Image-backed grounding data
· · ·

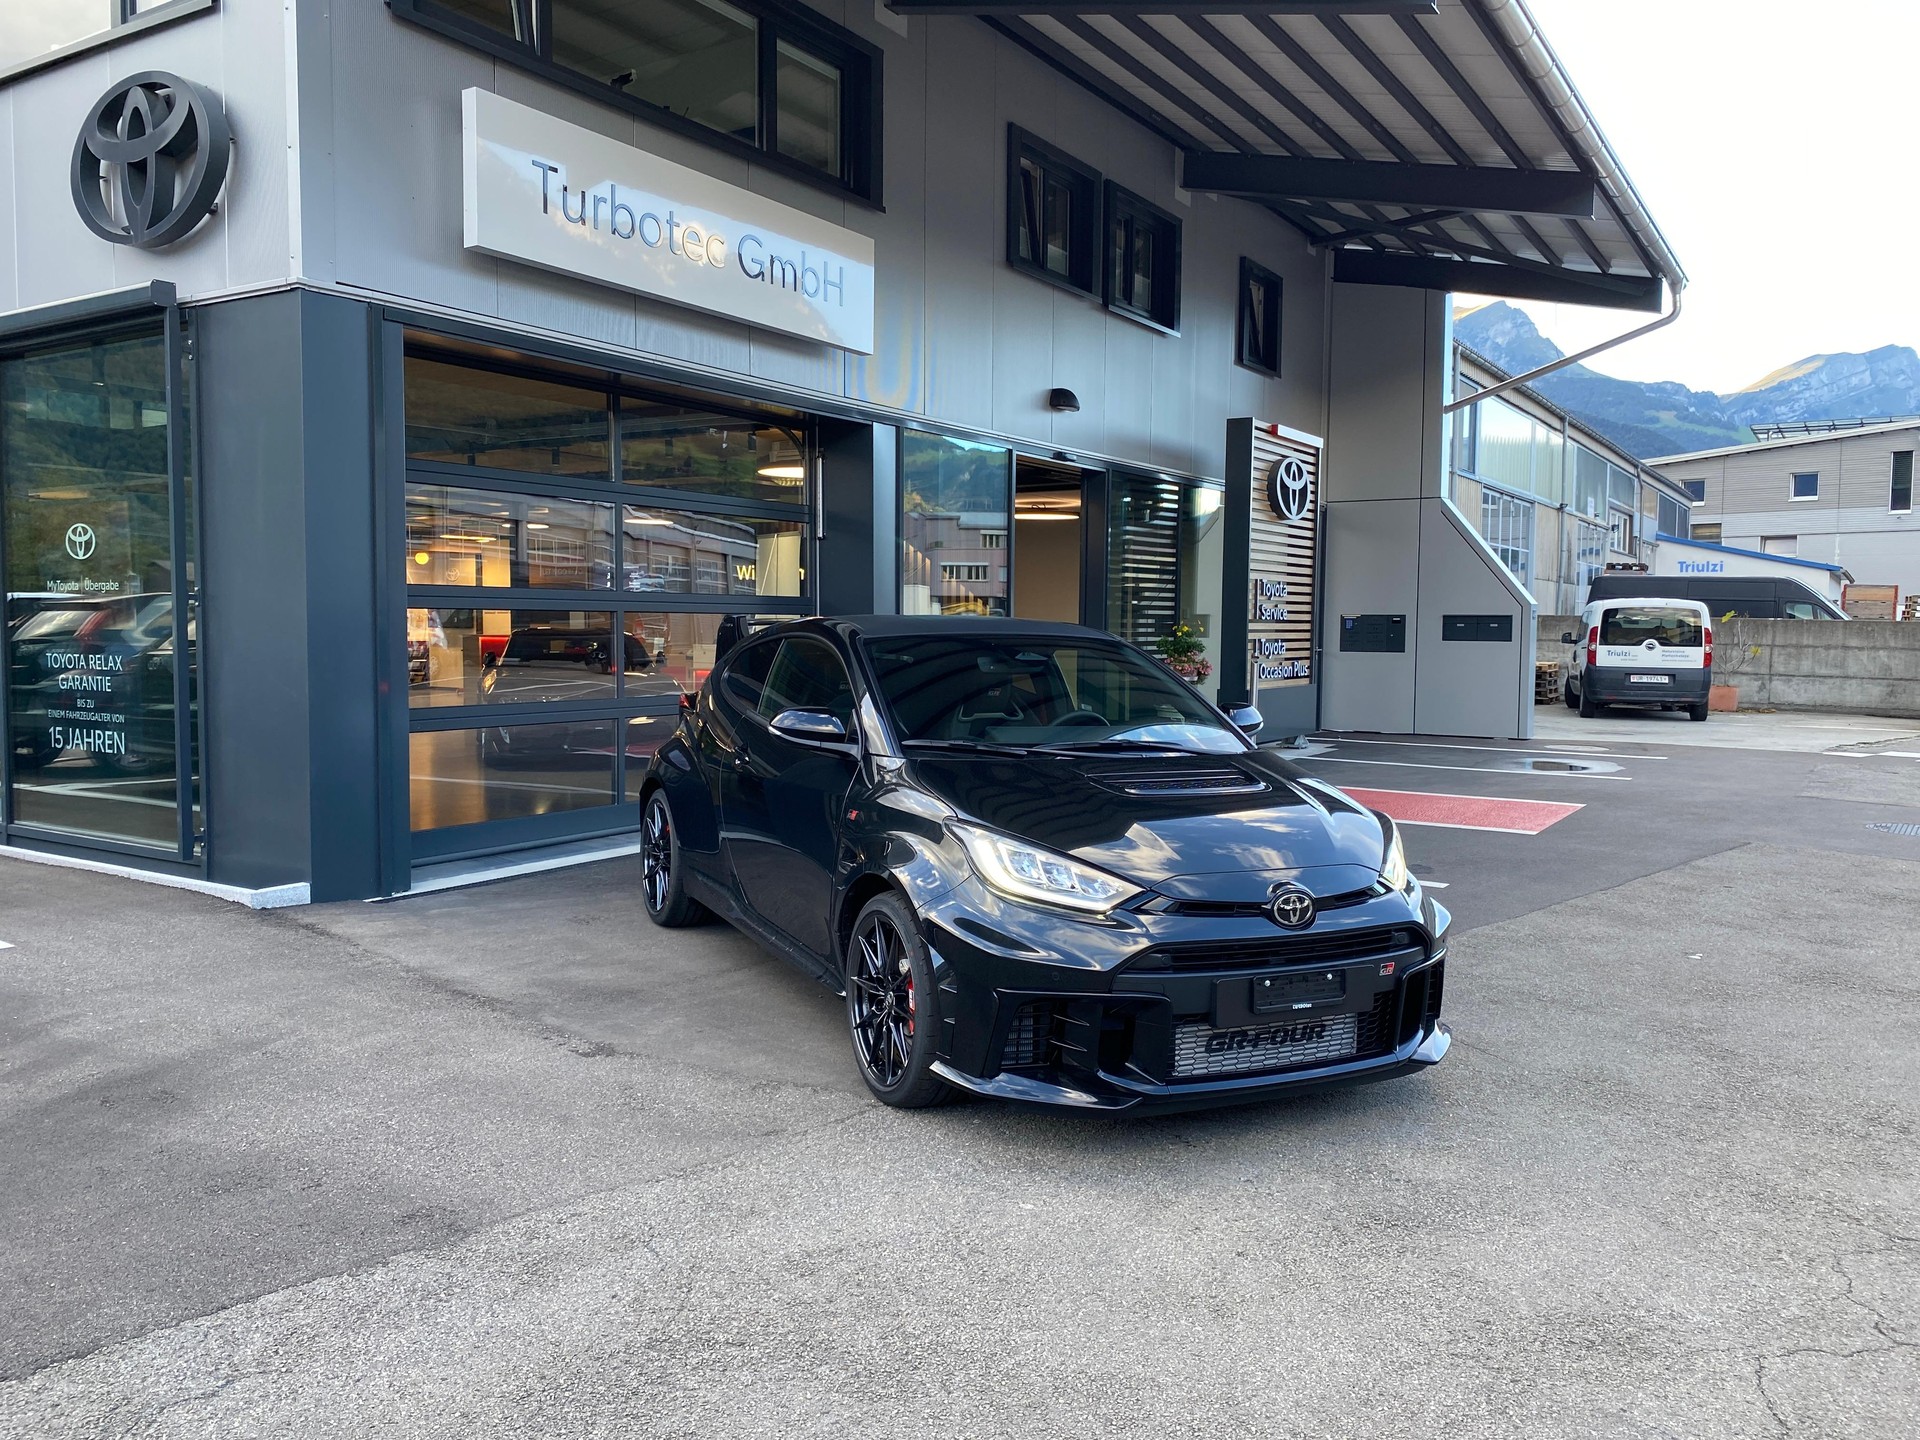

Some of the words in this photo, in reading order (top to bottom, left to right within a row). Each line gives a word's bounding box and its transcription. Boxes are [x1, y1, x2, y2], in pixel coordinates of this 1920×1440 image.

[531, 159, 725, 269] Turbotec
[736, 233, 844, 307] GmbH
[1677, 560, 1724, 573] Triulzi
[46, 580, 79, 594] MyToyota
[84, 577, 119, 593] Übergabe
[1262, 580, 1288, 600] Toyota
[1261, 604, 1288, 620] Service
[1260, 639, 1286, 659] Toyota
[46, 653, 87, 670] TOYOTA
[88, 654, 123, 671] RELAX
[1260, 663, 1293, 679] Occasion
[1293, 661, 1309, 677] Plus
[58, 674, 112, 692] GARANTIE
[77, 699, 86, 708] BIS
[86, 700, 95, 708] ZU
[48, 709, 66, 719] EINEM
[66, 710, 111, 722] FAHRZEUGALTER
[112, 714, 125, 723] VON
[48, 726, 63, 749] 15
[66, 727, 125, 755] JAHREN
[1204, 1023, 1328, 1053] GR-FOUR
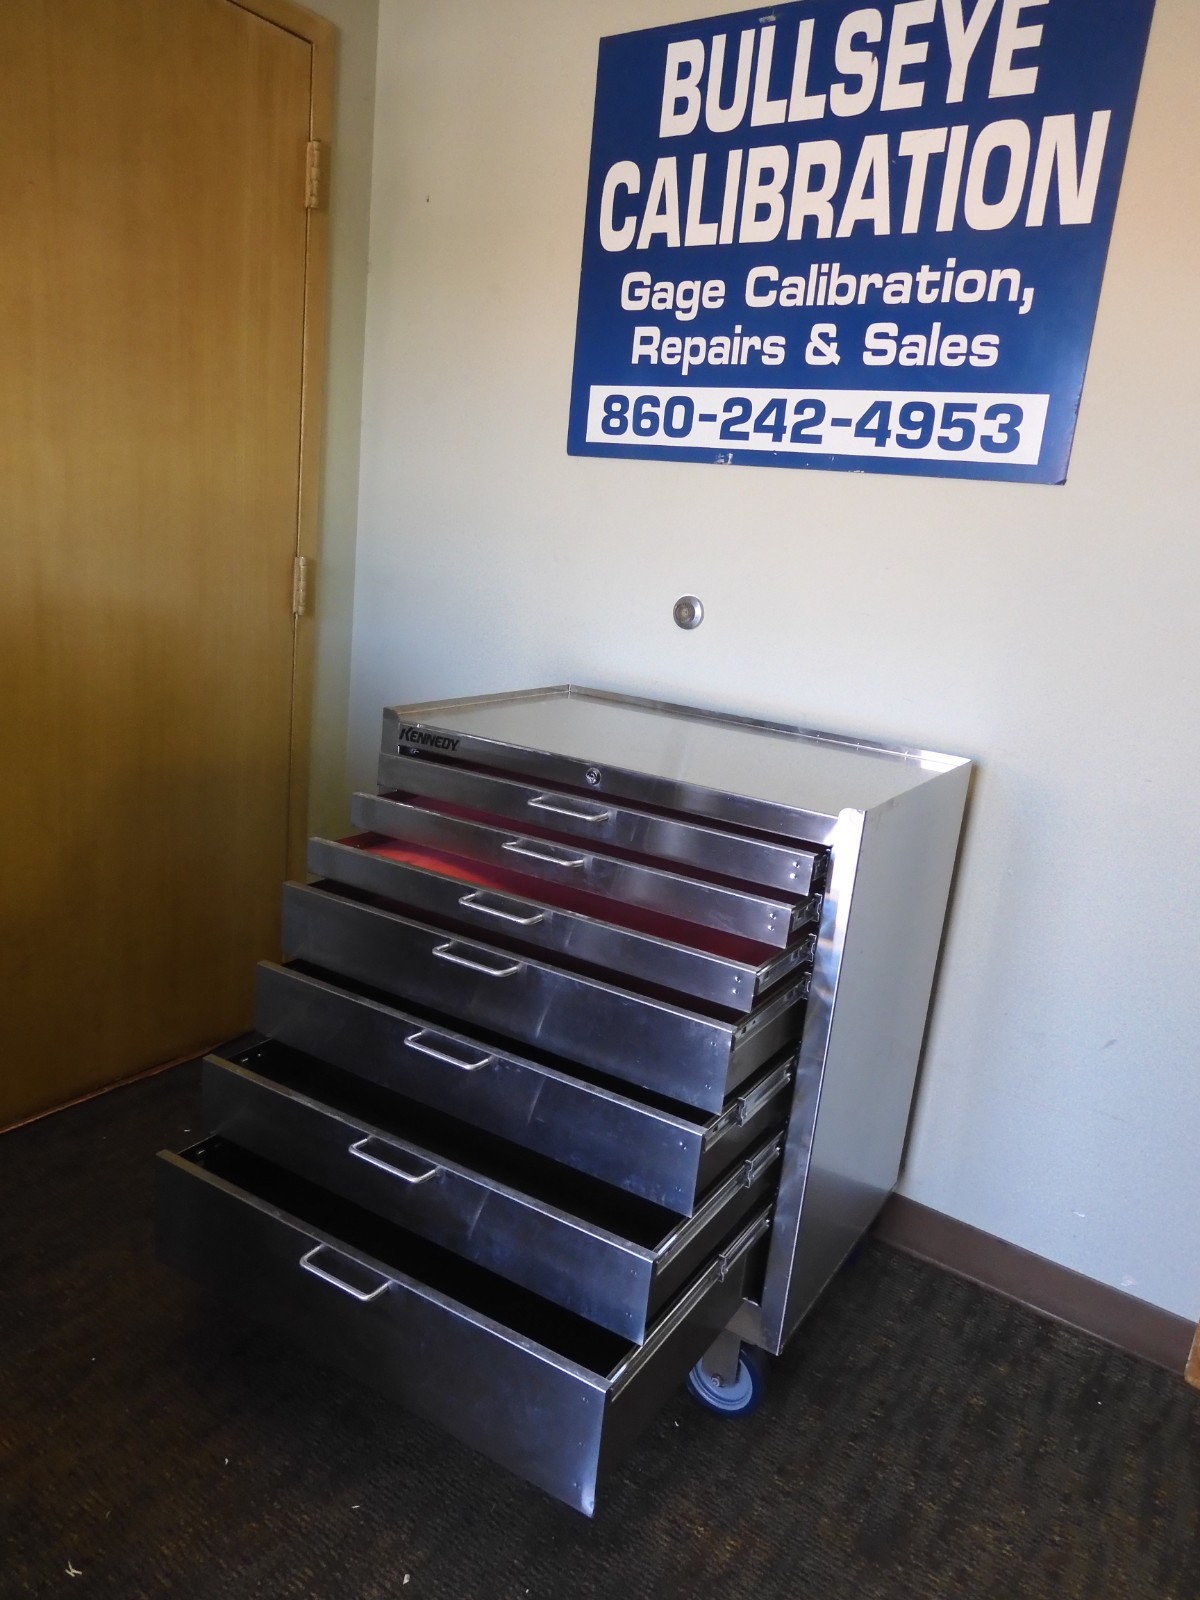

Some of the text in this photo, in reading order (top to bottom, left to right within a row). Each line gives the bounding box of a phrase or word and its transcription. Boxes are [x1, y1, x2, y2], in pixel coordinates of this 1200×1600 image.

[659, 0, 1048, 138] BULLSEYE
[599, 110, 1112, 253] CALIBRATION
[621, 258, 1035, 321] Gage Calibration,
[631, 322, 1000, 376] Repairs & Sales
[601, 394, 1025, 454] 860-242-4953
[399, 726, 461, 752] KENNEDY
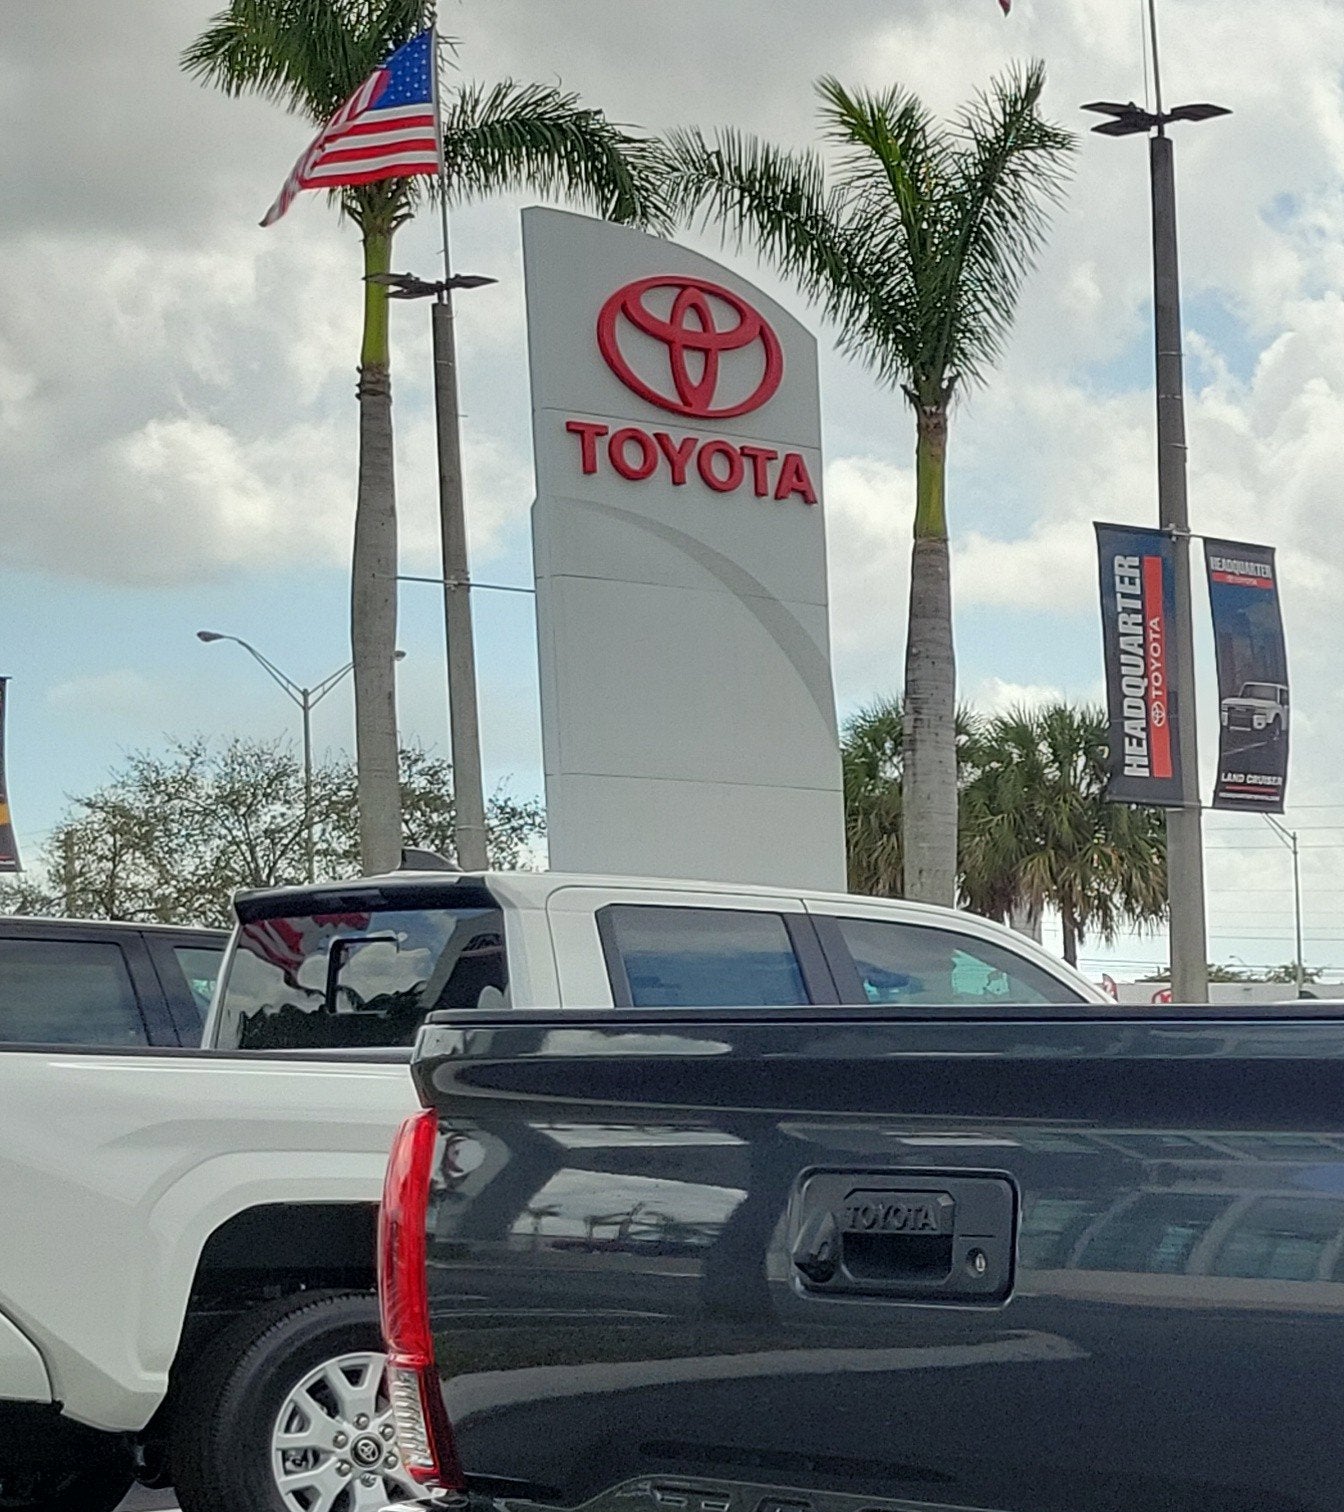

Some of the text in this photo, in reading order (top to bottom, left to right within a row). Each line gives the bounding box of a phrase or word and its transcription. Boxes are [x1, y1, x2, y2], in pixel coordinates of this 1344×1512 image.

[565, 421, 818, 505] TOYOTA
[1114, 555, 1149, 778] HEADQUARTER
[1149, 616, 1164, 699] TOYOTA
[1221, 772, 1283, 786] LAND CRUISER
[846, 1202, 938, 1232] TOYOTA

· · ·

What to work on:
Skip the pictures and output all entries exactly.

Exercise output:
Some of the words in this photo, in reading order (top to bottom, left to right within a row). Each line gives a word's bounding box and its transcription. Boxes are [x1, y1, x2, y2], in pixel coordinates of this 1920×1440 image.

[531, 159, 725, 269] Turbotec
[736, 233, 844, 307] GmbH
[1677, 560, 1724, 573] Triulzi
[46, 580, 79, 594] MyToyota
[84, 577, 119, 593] Übergabe
[1262, 580, 1288, 600] Toyota
[1261, 604, 1288, 620] Service
[1260, 639, 1286, 659] Toyota
[46, 653, 87, 670] TOYOTA
[88, 654, 123, 671] RELAX
[1260, 663, 1293, 679] Occasion
[1293, 661, 1309, 677] Plus
[58, 674, 112, 692] GARANTIE
[77, 699, 86, 708] BIS
[86, 700, 95, 708] ZU
[48, 709, 66, 719] EINEM
[66, 710, 111, 722] FAHRZEUGALTER
[112, 714, 125, 723] VON
[48, 726, 63, 749] 15
[66, 727, 125, 755] JAHREN
[1204, 1023, 1328, 1053] GR-FOUR

Some of the text in this photo, in reading order (top to bottom, left to right within a row). Each line gives the bounding box of a phrase or word and its transcription. Boxes are [x1, y1, x2, y2], in pixel coordinates of this 1200×1600 image.

[659, 0, 1048, 138] BULLSEYE
[599, 110, 1112, 253] CALIBRATION
[621, 258, 1035, 321] Gage Calibration,
[631, 322, 1000, 376] Repairs & Sales
[601, 394, 1025, 454] 860-242-4953
[399, 726, 461, 752] KENNEDY

Some of the text in this photo, in reading order (top to bottom, left to right within a row). Each line gives the bounding box of a phrase or word and its transcription. Boxes are [x1, y1, x2, y2], in pixel coordinates of this 1344×1512 image.

[565, 421, 818, 505] TOYOTA
[1114, 555, 1149, 778] HEADQUARTER
[1149, 616, 1164, 699] TOYOTA
[1221, 772, 1283, 786] LAND CRUISER
[846, 1202, 938, 1232] TOYOTA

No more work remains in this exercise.